● Work instruction:
Every line from the one containing "this 1600×1068 image." to the end of the records below should be returned exactly; pictures are to be dropped.

Annotated photo localization data
-*-
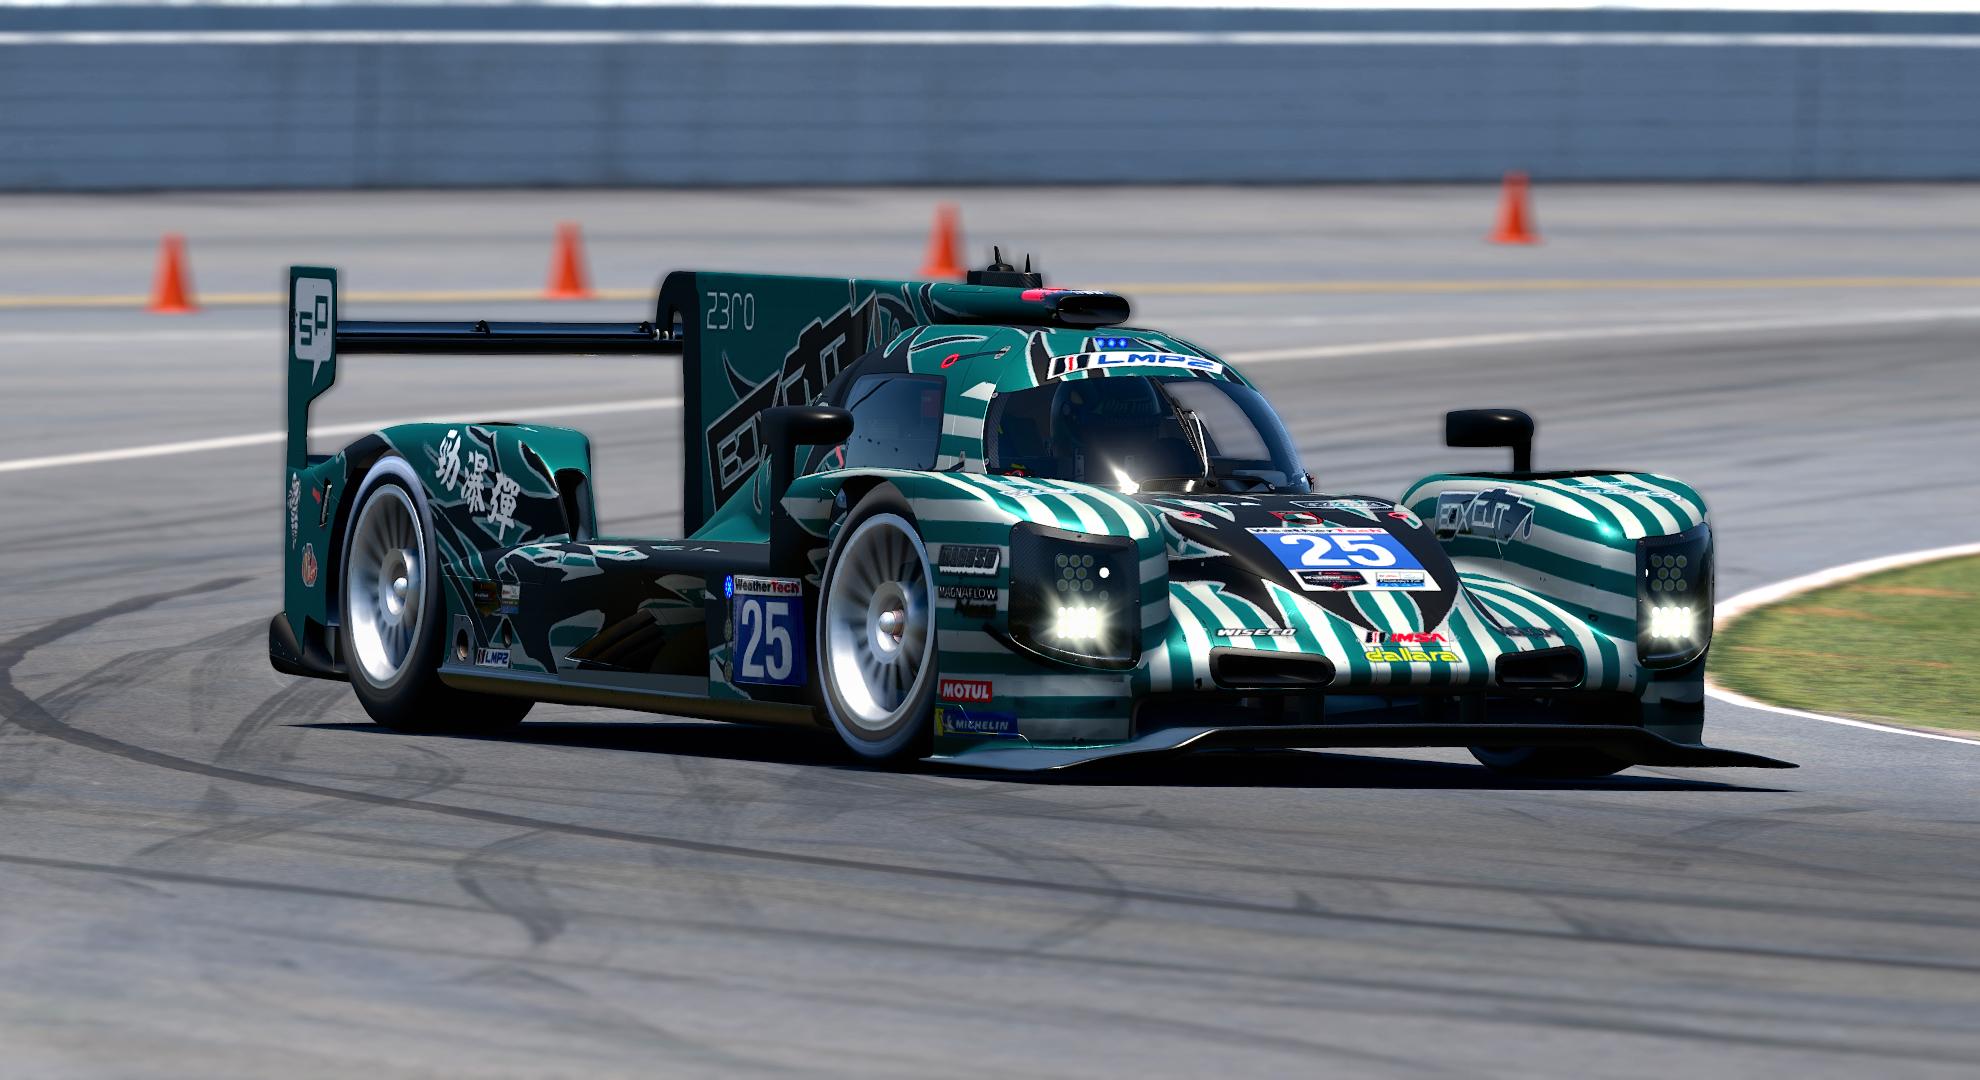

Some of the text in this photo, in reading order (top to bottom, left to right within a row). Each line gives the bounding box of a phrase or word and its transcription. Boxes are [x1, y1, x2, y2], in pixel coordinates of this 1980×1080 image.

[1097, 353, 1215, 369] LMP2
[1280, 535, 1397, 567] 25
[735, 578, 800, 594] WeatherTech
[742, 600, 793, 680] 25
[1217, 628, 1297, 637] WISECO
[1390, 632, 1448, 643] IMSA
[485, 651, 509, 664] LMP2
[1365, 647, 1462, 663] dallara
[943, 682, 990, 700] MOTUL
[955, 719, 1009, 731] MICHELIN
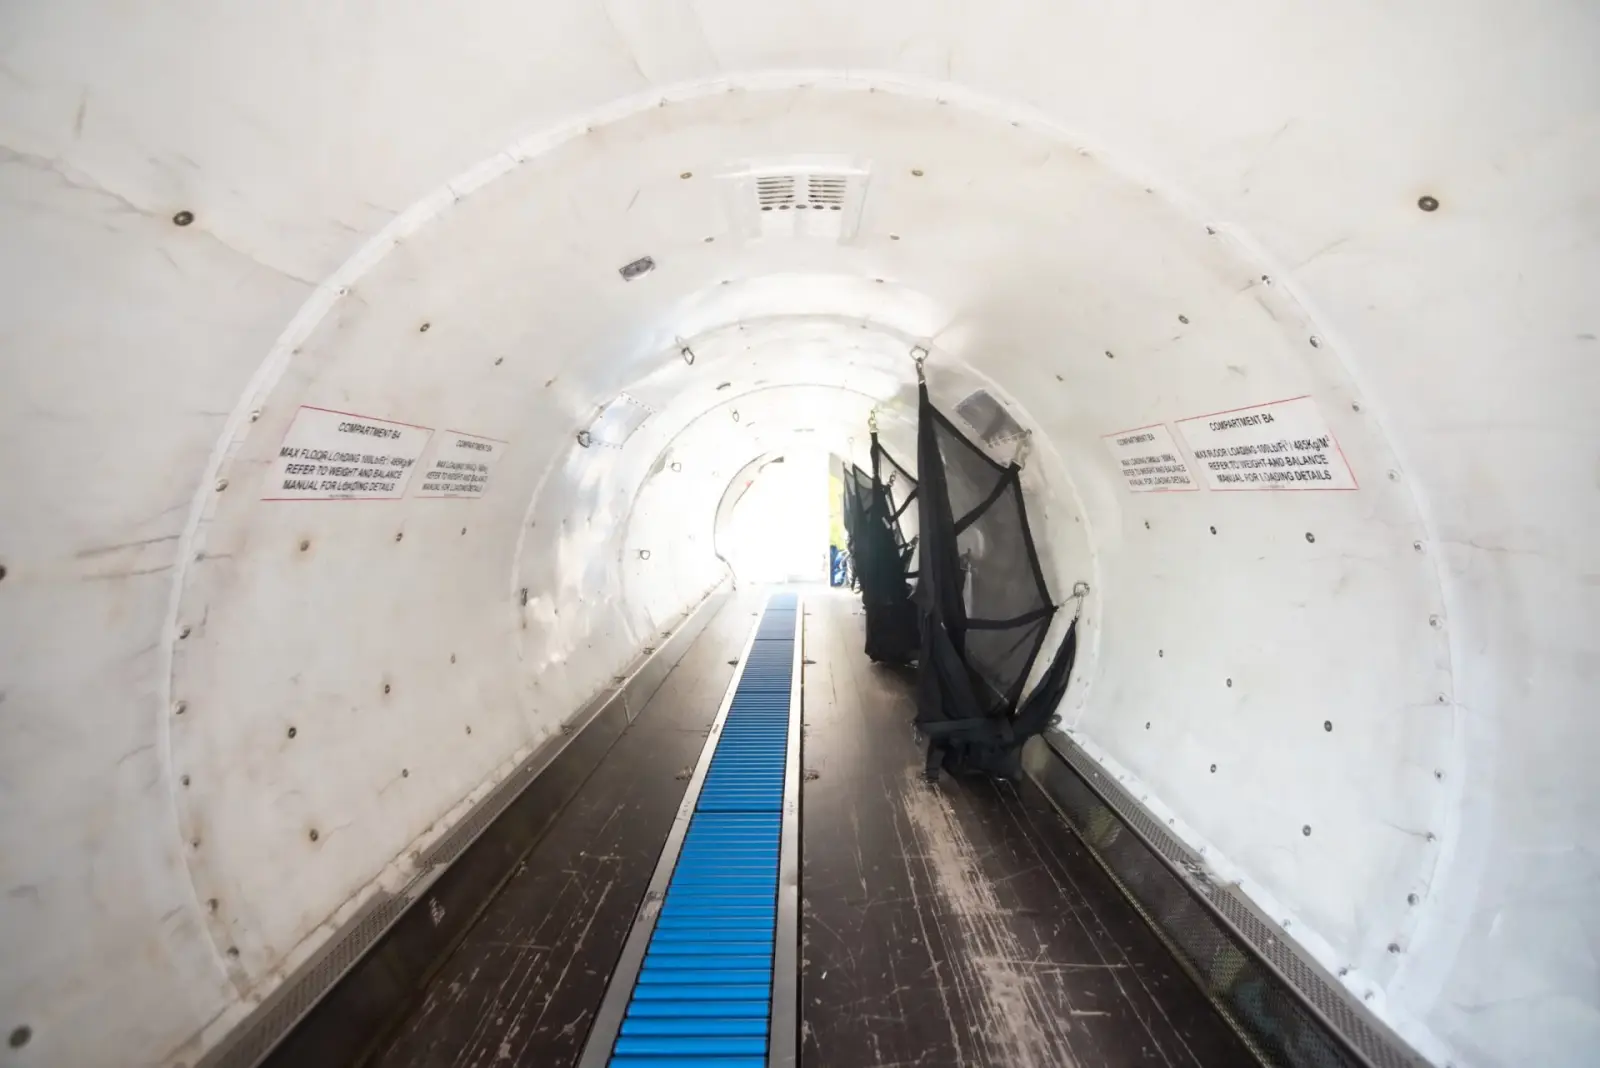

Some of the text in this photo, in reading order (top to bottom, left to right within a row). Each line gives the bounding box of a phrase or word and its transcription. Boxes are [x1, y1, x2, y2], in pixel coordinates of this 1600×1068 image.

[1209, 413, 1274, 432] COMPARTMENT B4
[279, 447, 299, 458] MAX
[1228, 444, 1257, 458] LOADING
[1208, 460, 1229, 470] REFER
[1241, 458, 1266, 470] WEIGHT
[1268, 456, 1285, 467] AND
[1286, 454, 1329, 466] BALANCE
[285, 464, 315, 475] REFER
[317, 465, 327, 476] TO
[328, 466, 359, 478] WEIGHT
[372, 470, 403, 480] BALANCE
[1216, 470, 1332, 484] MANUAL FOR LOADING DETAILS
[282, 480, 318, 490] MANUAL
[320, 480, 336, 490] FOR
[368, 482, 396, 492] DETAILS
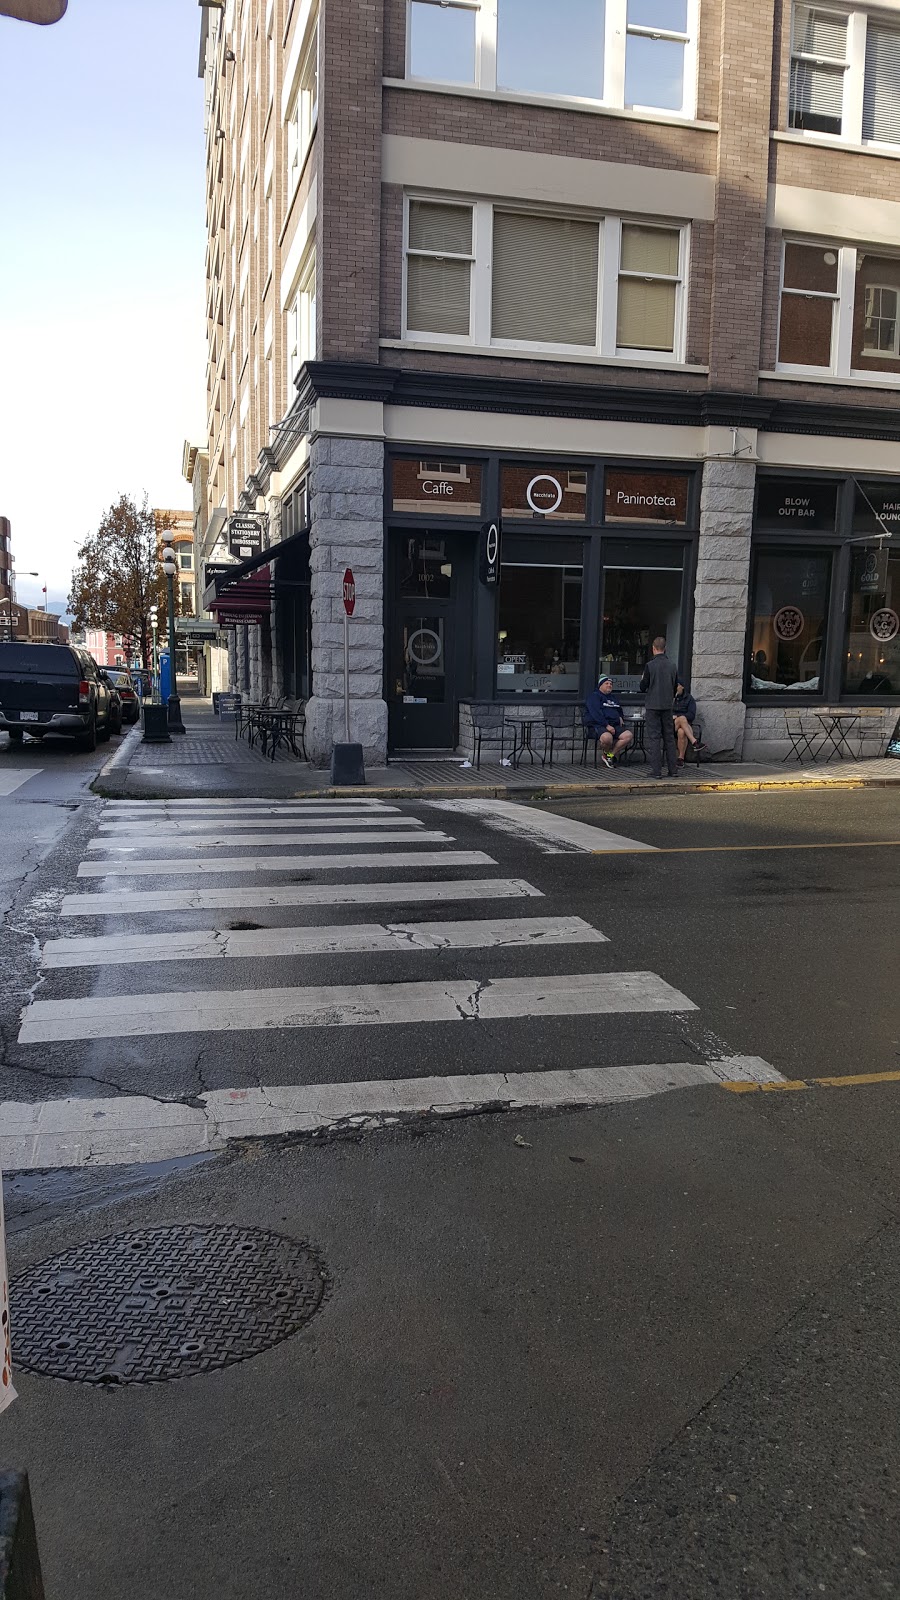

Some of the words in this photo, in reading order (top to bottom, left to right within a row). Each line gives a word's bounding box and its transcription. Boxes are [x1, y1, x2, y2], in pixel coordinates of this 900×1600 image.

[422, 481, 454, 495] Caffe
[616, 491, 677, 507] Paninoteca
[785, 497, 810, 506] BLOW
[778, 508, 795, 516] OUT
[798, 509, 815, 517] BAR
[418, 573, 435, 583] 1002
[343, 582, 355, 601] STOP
-*-
● Problem solution:
Some of the text in this photo, in reading order (top to bottom, left to right within a row). Each line gives the bounding box of a phrase or word and its transcription. Boxes are [x1, y1, x2, y2], in pixel coordinates of this 1600×1068 image.

[1209, 413, 1274, 432] COMPARTMENT B4
[279, 447, 299, 458] MAX
[1228, 444, 1257, 458] LOADING
[1208, 460, 1229, 470] REFER
[1241, 458, 1266, 470] WEIGHT
[1268, 456, 1285, 467] AND
[1286, 454, 1329, 466] BALANCE
[285, 464, 315, 475] REFER
[317, 465, 327, 476] TO
[328, 466, 359, 478] WEIGHT
[372, 470, 403, 480] BALANCE
[1216, 470, 1332, 484] MANUAL FOR LOADING DETAILS
[282, 480, 318, 490] MANUAL
[320, 480, 336, 490] FOR
[368, 482, 396, 492] DETAILS

Some of the words in this photo, in reading order (top to bottom, left to right within a row). Each line gives a word's bounding box and its transcription. Boxes are [x1, y1, x2, y2], in pixel coordinates of this 900×1600 image.

[422, 481, 454, 495] Caffe
[616, 491, 677, 507] Paninoteca
[785, 497, 810, 506] BLOW
[778, 508, 795, 516] OUT
[798, 509, 815, 517] BAR
[418, 573, 435, 583] 1002
[343, 582, 355, 601] STOP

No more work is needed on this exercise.